I'm considering to dive a little into the Python universe, and ask myself which one is the best approach to get started.

Currently I use the package manager Chocolatey under Windows, not for Python yet, but it should be able to install Python and Anaconda as well.

 

I would like to bundle and use Python, Python4Delphi from a Delphi application as controller, best of all nicely integrated in one setup, to produce a commercial application.

Since inclusion into one binary setup is very likely problematic, this can be also a separate download of installers, which best of all can be running silently.

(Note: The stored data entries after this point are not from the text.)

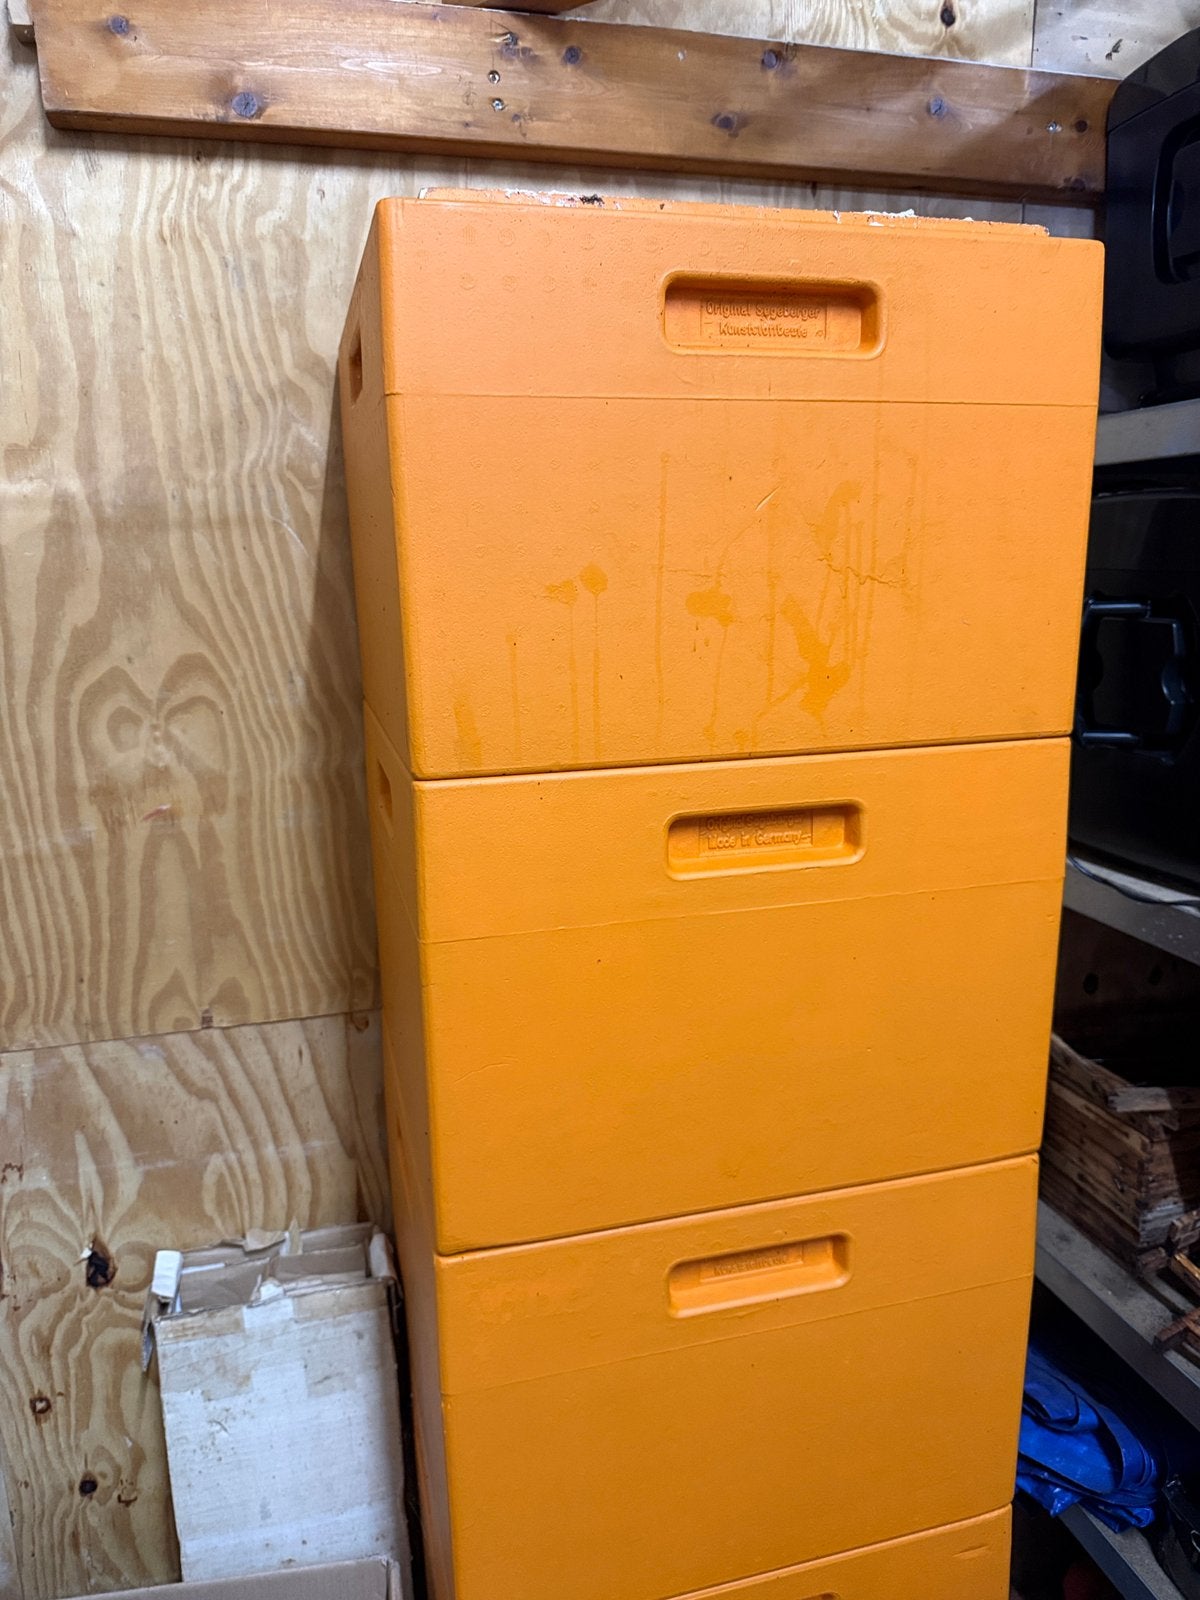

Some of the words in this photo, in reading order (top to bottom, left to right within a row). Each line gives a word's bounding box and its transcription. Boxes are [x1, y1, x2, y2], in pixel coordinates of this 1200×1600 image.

[706, 301, 751, 318] Original
[708, 833, 736, 850] Made
[741, 831, 750, 847] in
[755, 830, 801, 845] Germany
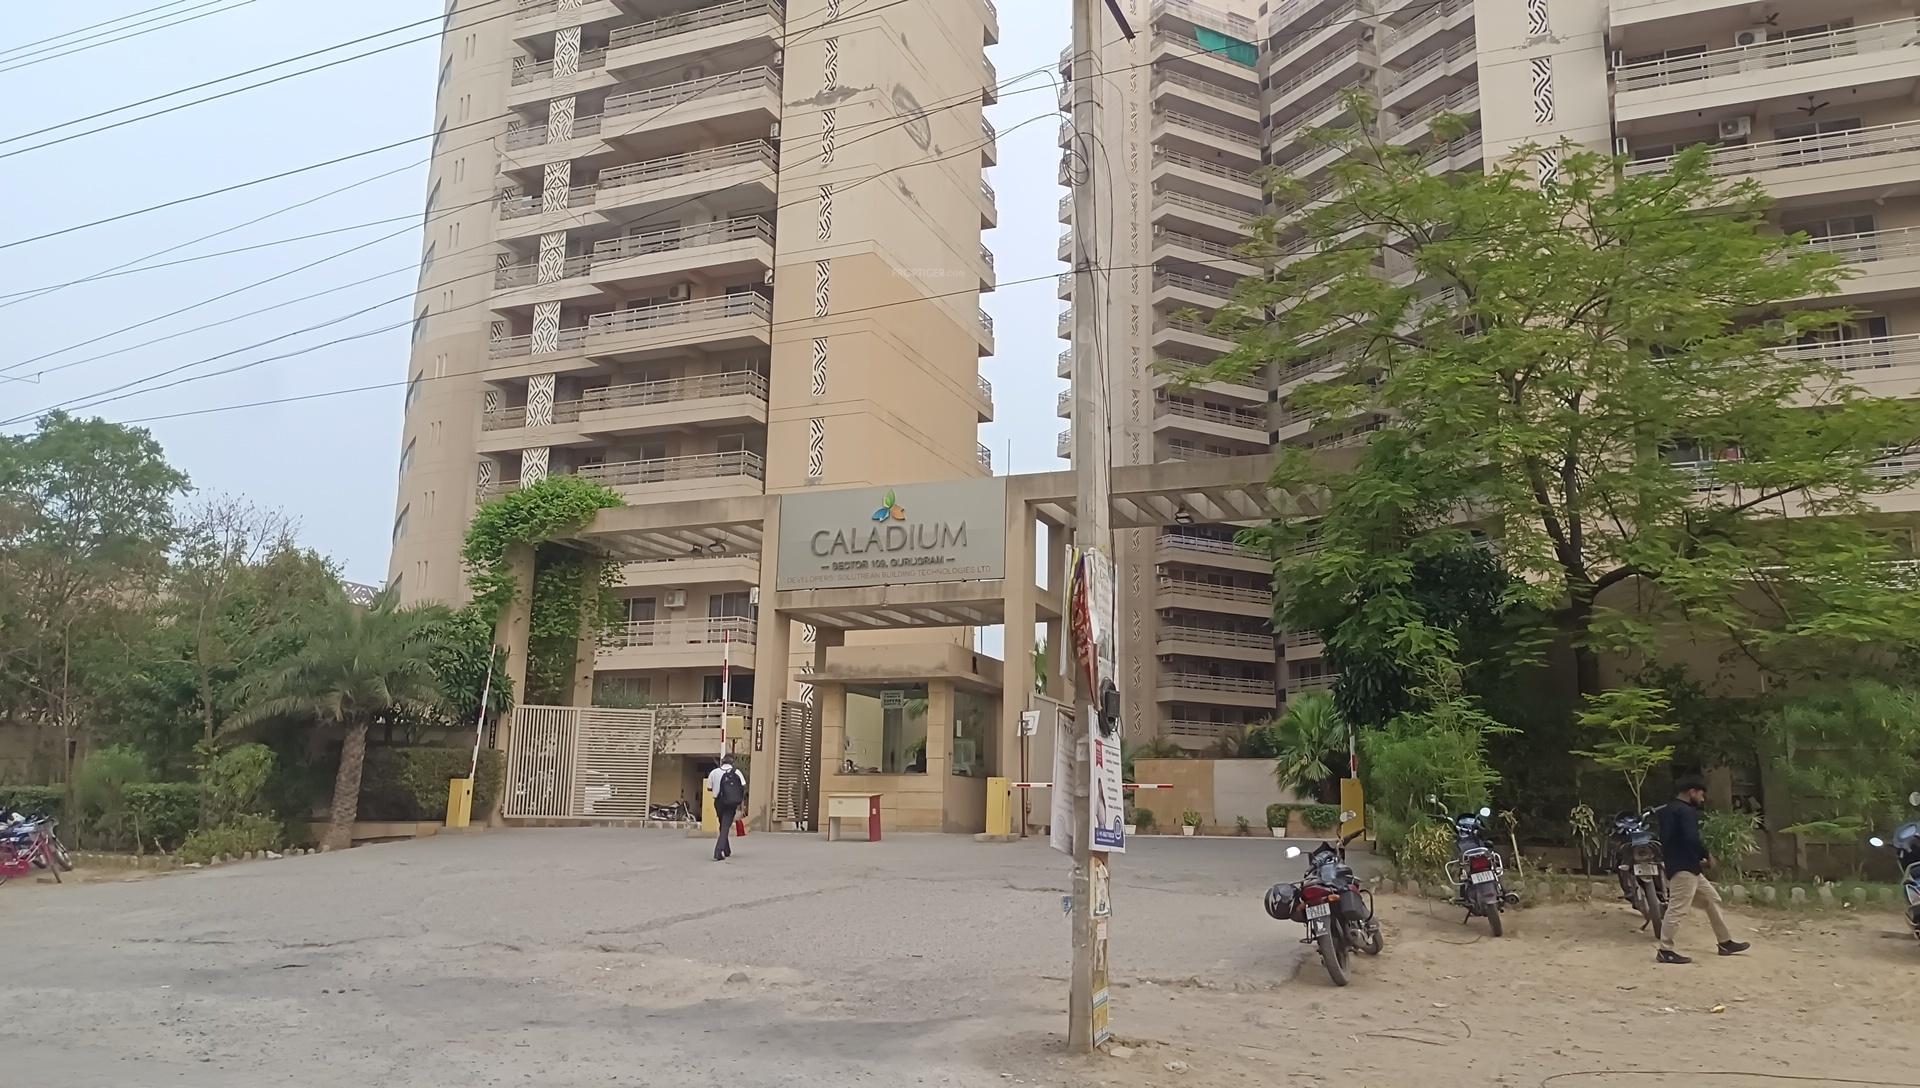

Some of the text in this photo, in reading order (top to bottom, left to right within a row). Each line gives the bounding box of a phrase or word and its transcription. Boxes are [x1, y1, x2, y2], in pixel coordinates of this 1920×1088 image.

[810, 520, 968, 557] CALADIUM
[832, 560, 869, 571] SECTOR
[890, 556, 944, 567] GURUGRAM
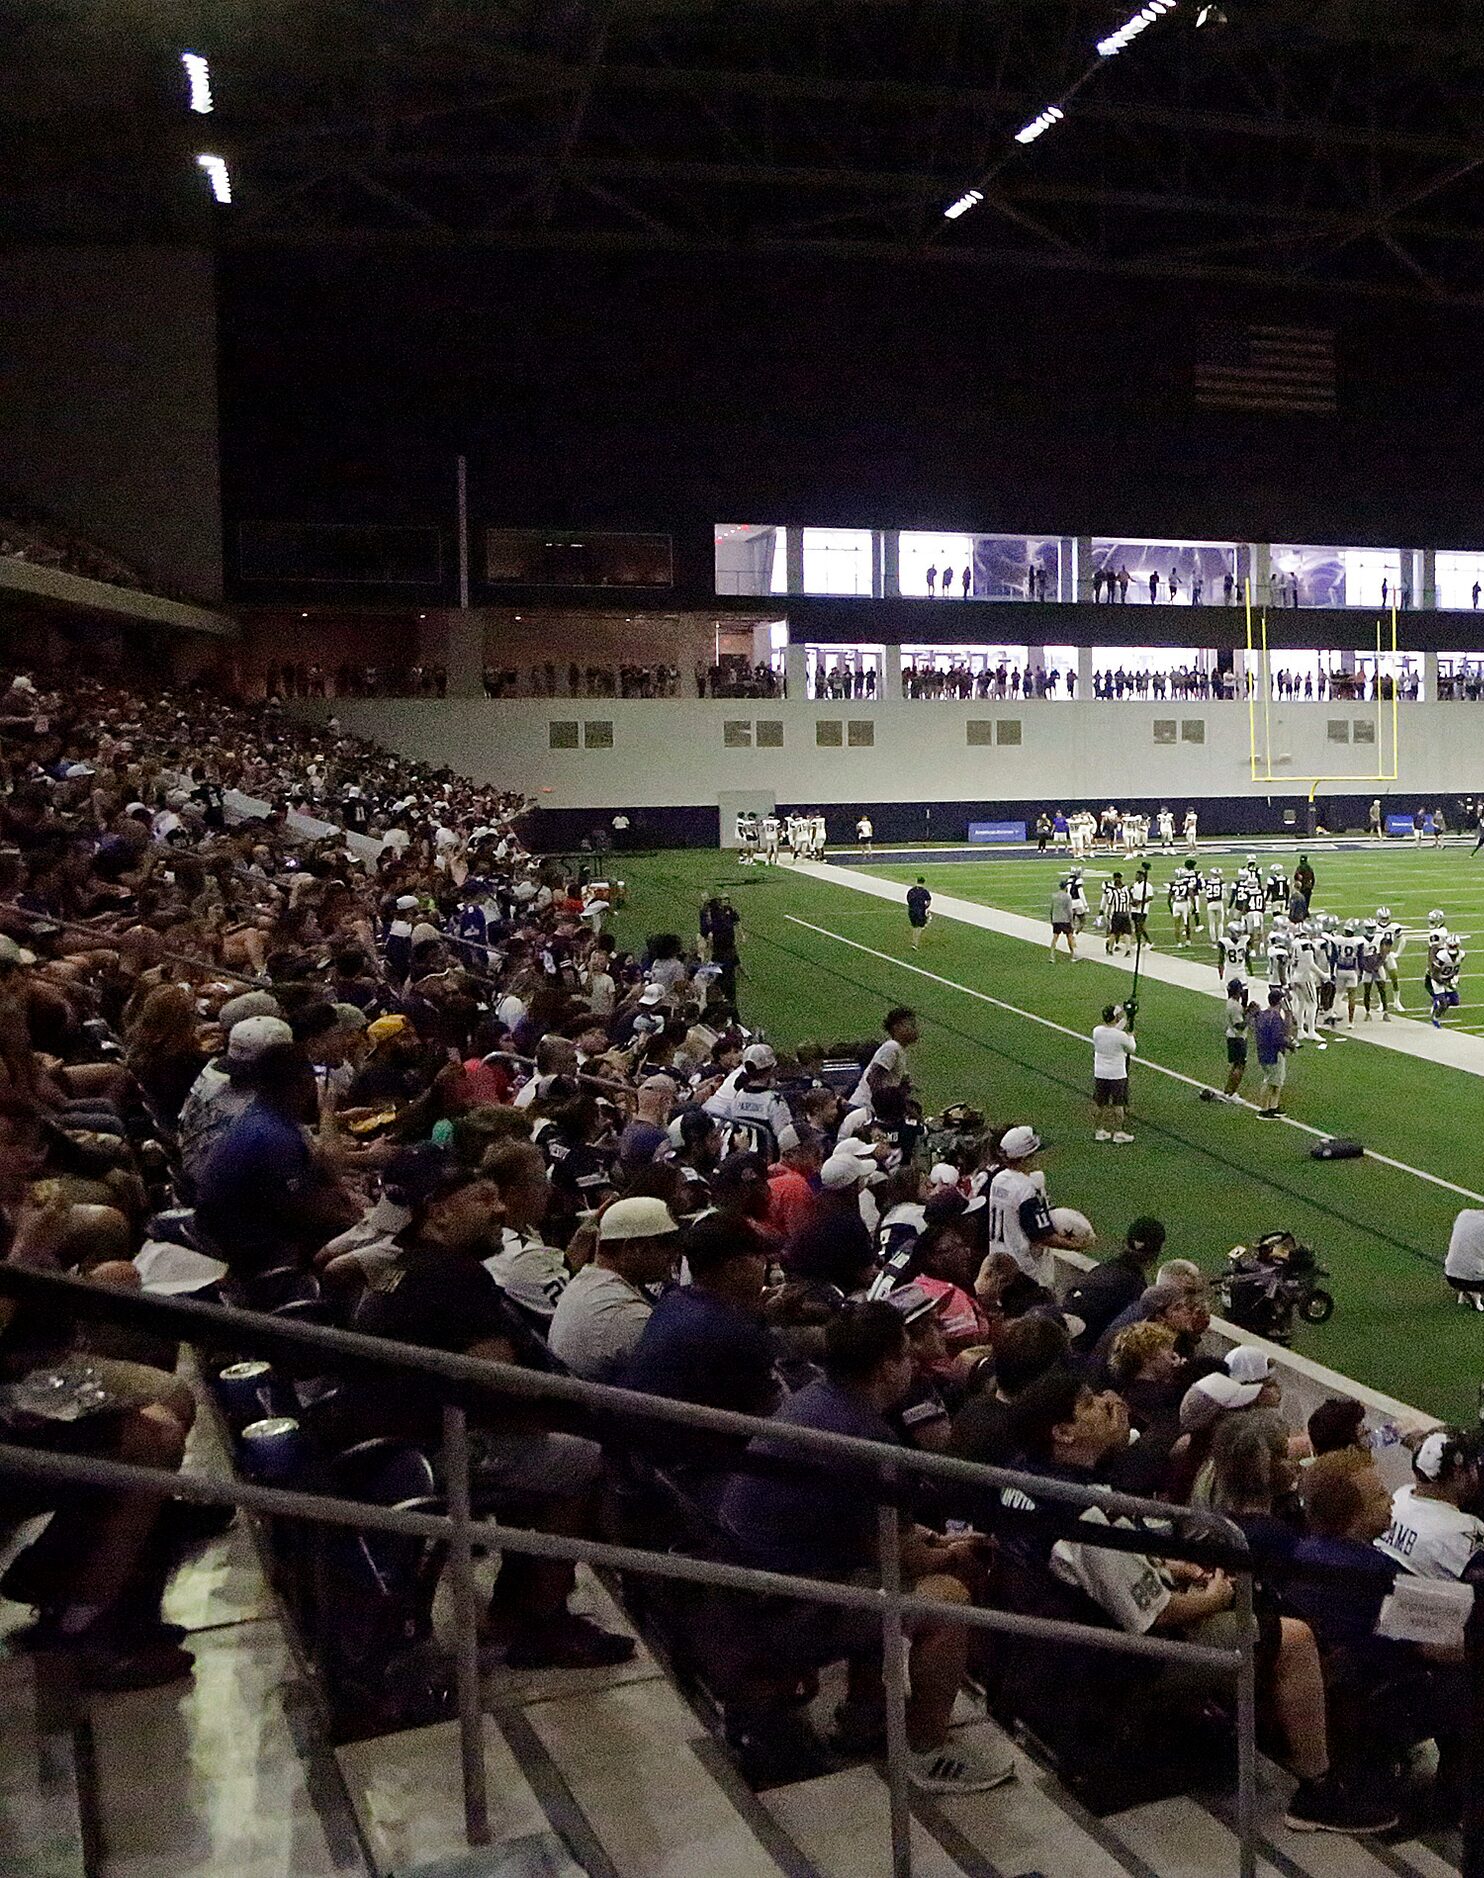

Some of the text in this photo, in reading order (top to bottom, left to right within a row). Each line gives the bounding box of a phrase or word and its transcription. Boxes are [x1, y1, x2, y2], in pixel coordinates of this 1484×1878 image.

[1206, 885, 1221, 898] 29
[1248, 896, 1263, 910] 40
[991, 1205, 1005, 1243] 11

I like the environment of Python, but I would like to keep customers away from all the nerdy internals, as much as possible.

 

I have a few main questions to all of this

  1. What is the best installer (distribution ) to be packed ( or separately downloaded ) together with a complete commercial application
     
  2. What is the best installer to meet all the licenses, containing Python, their Packages and repositories ( I think Anaconda is the only repository, but I'm unsure ).
     
  3. Can Python itself be used (bundled or separate installed) within a commercial applications ? The License itself seems a kind of specific .Python license
     
  4. The licenses of the separate packages need to be checked individually, that is not my point here at the moment.
    I would like to find what is the best way to bundle Python, Python4Delphi with a Delphi application.

 

In general I understand the differences like that:

 

Chocolatey

  • Is able to install Python and Anaconda too, but this is maybe only an additional layer which is not necessary
  • What I understood is that the Conda universe can completely replace Chocolatey and more, is that correct ?.
  • Is it worth to replace Chocolatey by Anaconda, also for other projects, like the Node.js, PHP universes ?
  • Does it make sense to keep them side-by-side, so that they play out their synergies ?

 

Conda

  • Is the pure package manager application, whereas Anaconda and Miniconda are distributions including already Python and some packages.
  • Seems to be related to Anaconda universe only

 

Anaconda:

  • Best if you are new to conda or Python ( really ? )
  • Has the onvenience of having Python and over 1500 scientific packages automatically installed at once
  • Have enough time and disk space (a few minutes and 3 GB)
  • If you don’t want to install each of the packages you want to use individually.
  • Is a full distribution of the central software in the PyData ecosystem, and includes Python itself along with the binaries for several hundred third-party open-source projects.
  • It seems Anaconda is bloated
  • Licensing is maybe problematic, if I consider a properitary application later on ( would need an Enterprise account and pricing )

 

Miniconda:

  • If you do not mind installing each of the packages you want to use individually ( that should be a one-liner each, installing all their dependencies too  ).
  • Try to optimize install time or disk space, by installing only the necessary libraries at once
  • If you want to get fast access to Python and the conda commands, and wish to sort out the other programs later.
  • Its essentially an installer for an empty conda environment, containing only Conda, its dependencies, and Python.
  • It seems Microconda is lean and clean, thats what I prefer
  • Licensing is somewhat unclear, it seems that Microconda is free to be integrated in applications ( maybe installing a few packages only depends on their licenses alone ? )

 

PIP: PyPi:

  • This is the package manger for Python itself, I'm not sure to what that repository is related to ( is it only PyPi ? ).
    It seems to have a separate repo, is that right ?
  • Does Anaconda and PIP share some repositories and packages ?
  • If so, which one are more actual ?

 

Maybe the Python experts in this forum have more insight into the Python setup, usable for complete applications.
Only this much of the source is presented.